Program Development by Stepwise Refinement Niklaus Wirth
Motivation Programming is usually taught via examples Examples normally demonstrate what a computer can do Examples are not normally chosen by their suitability for a technique Programming is not just mastering of a language – more important to master the methods of design and construction.

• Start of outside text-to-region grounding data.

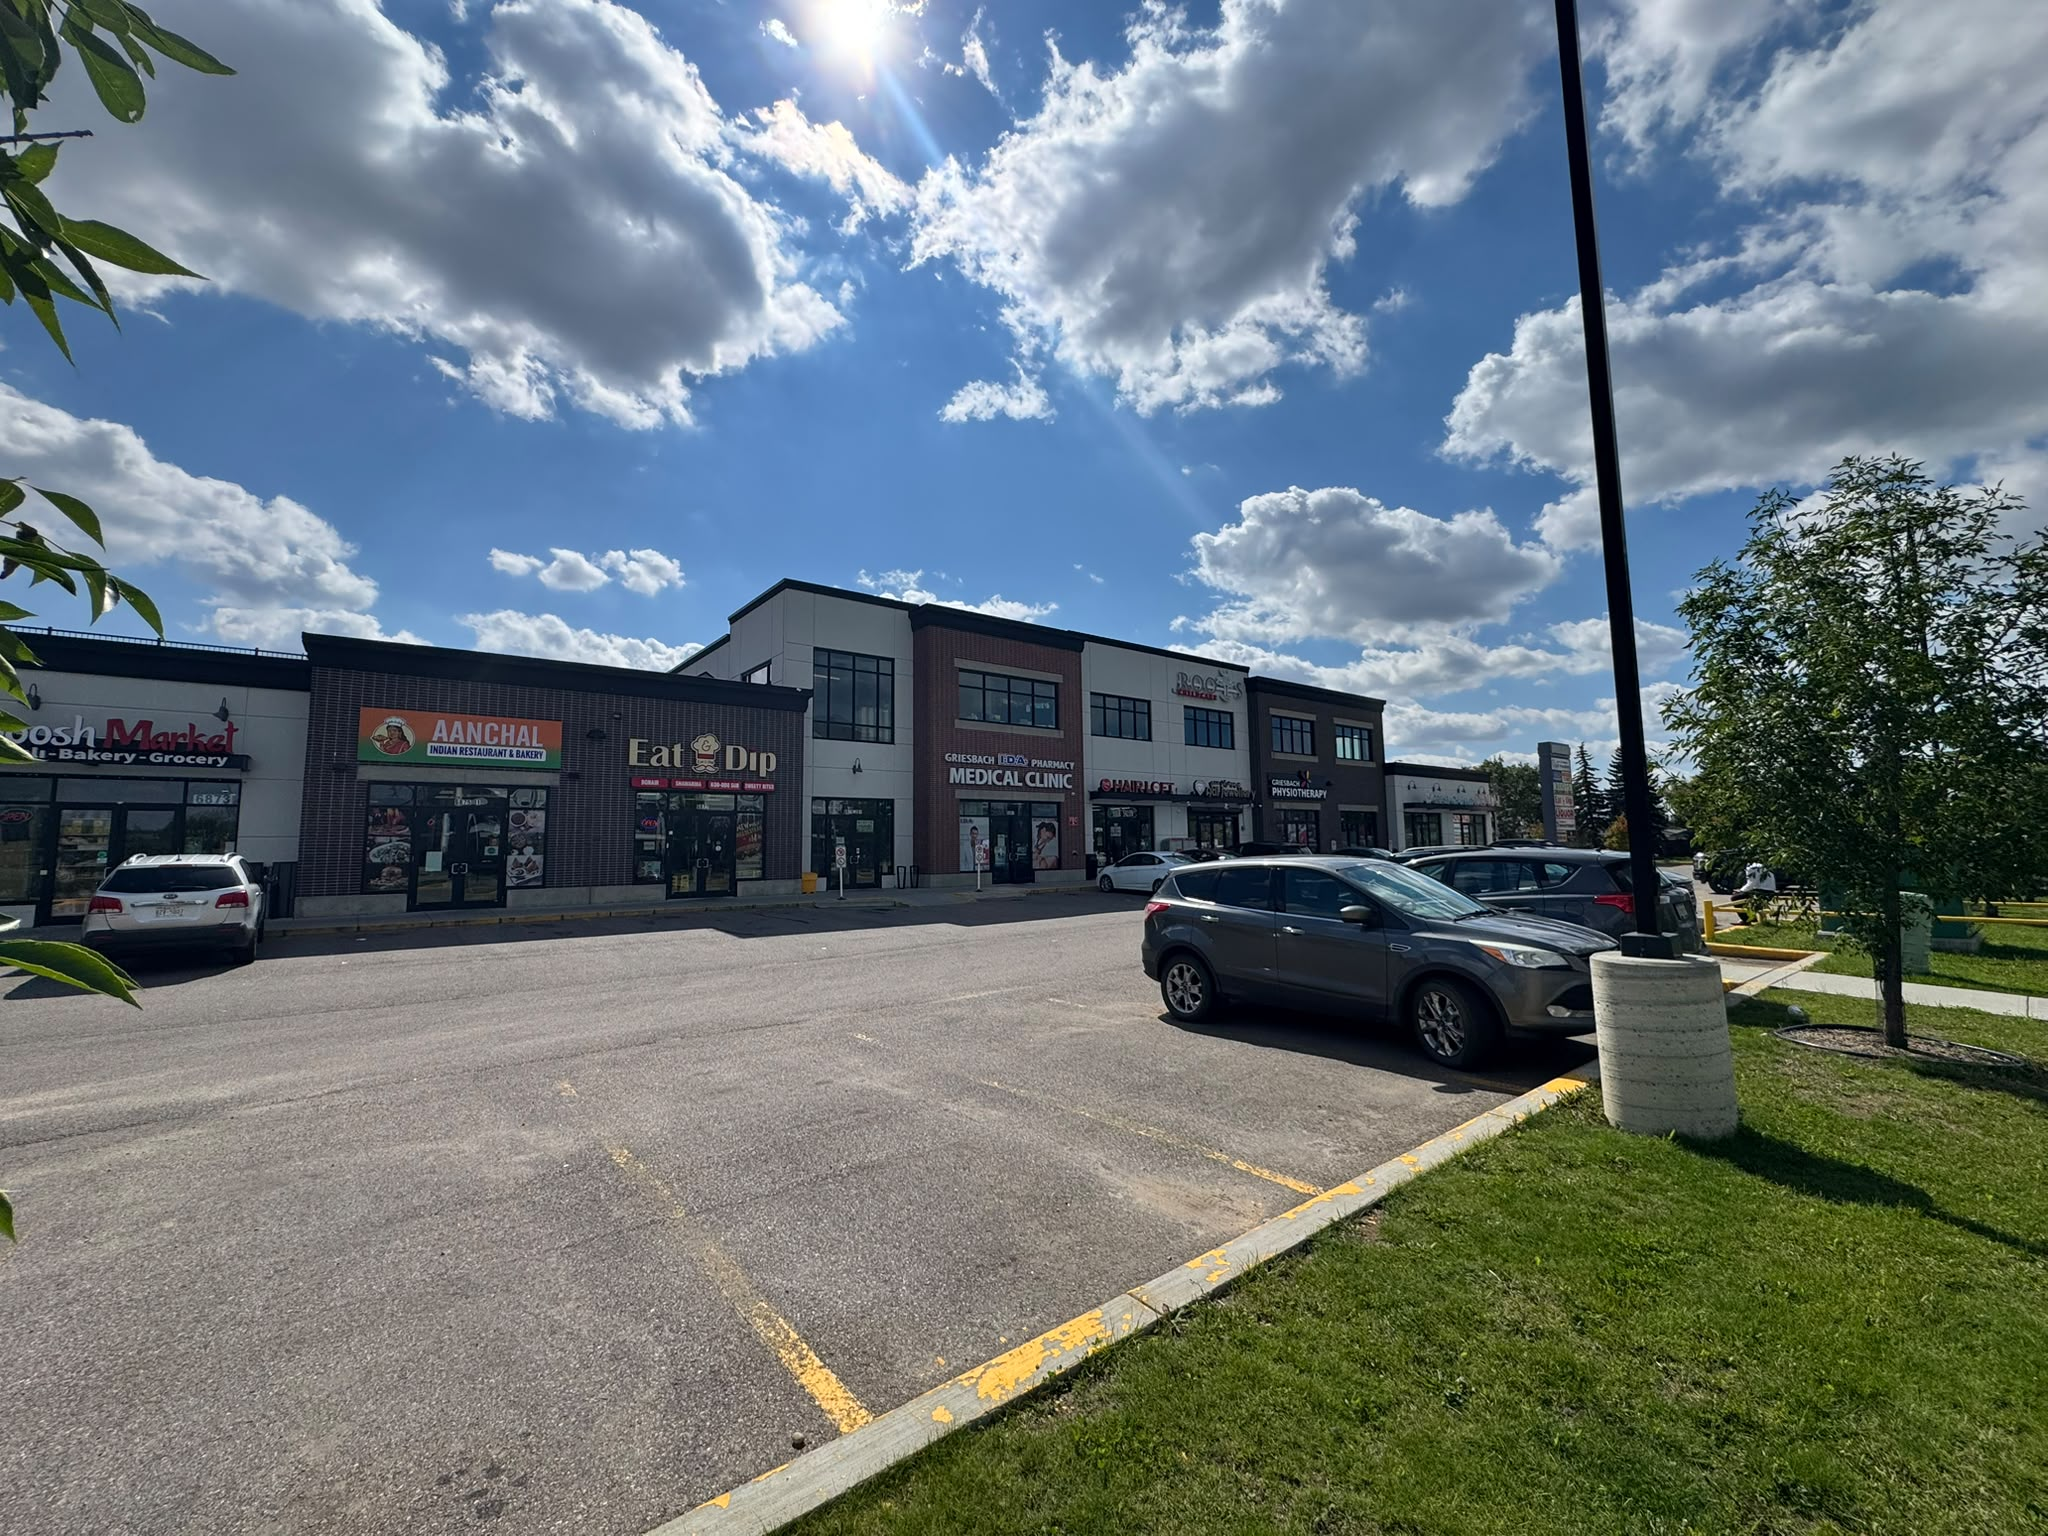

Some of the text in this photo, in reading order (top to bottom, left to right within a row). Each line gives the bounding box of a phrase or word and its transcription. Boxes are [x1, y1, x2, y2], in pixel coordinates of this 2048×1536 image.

[0, 714, 240, 754] oosh Market
[432, 719, 544, 748] AANCHAL
[58, 748, 138, 764] Bakery
[149, 752, 229, 768] Grocery
[430, 745, 544, 760] INDIAN RESTAURANT & BAKERY
[628, 738, 685, 768] Eat
[725, 744, 777, 778] Dip
[944, 752, 995, 765] GRIESBACH
[1031, 758, 1075, 770] PHARMACY
[949, 767, 1073, 789] MEDICAL CLINIC
[1271, 778, 1301, 787] GRIESBACH
[1272, 787, 1328, 799] PHYSIOTHERAPY

Aim The paper aims to demonstrate the development of an example program through a sequence of refinement steps Today, we refer to this approach as top-down design (or top-down decomposition) The program and data specification are refined in parallel
Refinement Each refinement implies design decisions It is important to make these explicit Be aware of the critieria for the refinement Be aware there are alternatives (after all, this might not work out) Decompose decisions as much as possible Defer decisions about data as long as possible
The 8-Queens Problem Given an 8X8 chessboard and 8 queens which are hostile to each other, find a position for each queen such that no queen may be taken by any other queen. NOTE: Eight-Queens on wikipedia has an animated example of the Recursive solution solving this problem
Brute Force Approach A = Set of candidates for the solution One exists that satisfies condition p Repeat Generate the next element of A and call it x until p(x) OR (no more elements in A) if p(x) then x = solution
Issues Problem space is too large We need a way to preselect solutions Computers at the time would take ~ 7 hrs We need a way to preselect solutions Criteria Smaller than A Elements easily generated Easier to test than p(x)
8-Queens: Unique Columns Every column must have exactly 1 queen Now we are just testing rows and diagonals We also need the ability to “try” a row for a queen and backtrack if the test for the row/diagonal fails.

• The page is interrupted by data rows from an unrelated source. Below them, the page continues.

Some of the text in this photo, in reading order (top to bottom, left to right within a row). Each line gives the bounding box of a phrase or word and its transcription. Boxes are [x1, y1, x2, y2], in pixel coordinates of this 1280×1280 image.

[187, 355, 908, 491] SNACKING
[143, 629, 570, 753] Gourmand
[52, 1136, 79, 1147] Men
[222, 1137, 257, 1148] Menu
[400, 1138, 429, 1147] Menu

Program At This Point repeat trycolumn; if safe then setqueen; considernextcolumn; else regress until lastcoldone OR regressoutoffirstcol
Define the Instructions Considerfirstcolumn Considernextcolumn Reconsiderpriorcolumn Advancepointer Testsquare Setqueen removeQueen
Refining the Instructions Upon realizing that we can store the indexes of occupied rows, and thru carefully choosing our array structures, we can reduce the instruction set to: testsquare setqueen regress movequeen
A recursive alternative View the problem as starting with one column Extend the board by one column at each step
Generalizing the Problem We often need to change our program based on new requirements… What if we want ALL possible solutions?

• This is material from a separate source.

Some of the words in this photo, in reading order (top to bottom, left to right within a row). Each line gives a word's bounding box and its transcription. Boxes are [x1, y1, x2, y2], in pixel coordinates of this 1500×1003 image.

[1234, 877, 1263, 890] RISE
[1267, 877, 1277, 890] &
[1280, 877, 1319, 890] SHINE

Conclusions Programs are constructed thru a sequence of refinement tasks Each task is decomposed into subtasks The degree of decomposition (modularity) will determine the ease with which we can modify the program
Conclusions Use a notation that is natural for the problem Each refinement implies a design decision, criteria include efficiency, storage, clarity The development of this simple problem formed a long story, programming is not trivial – simplifying the problem is important.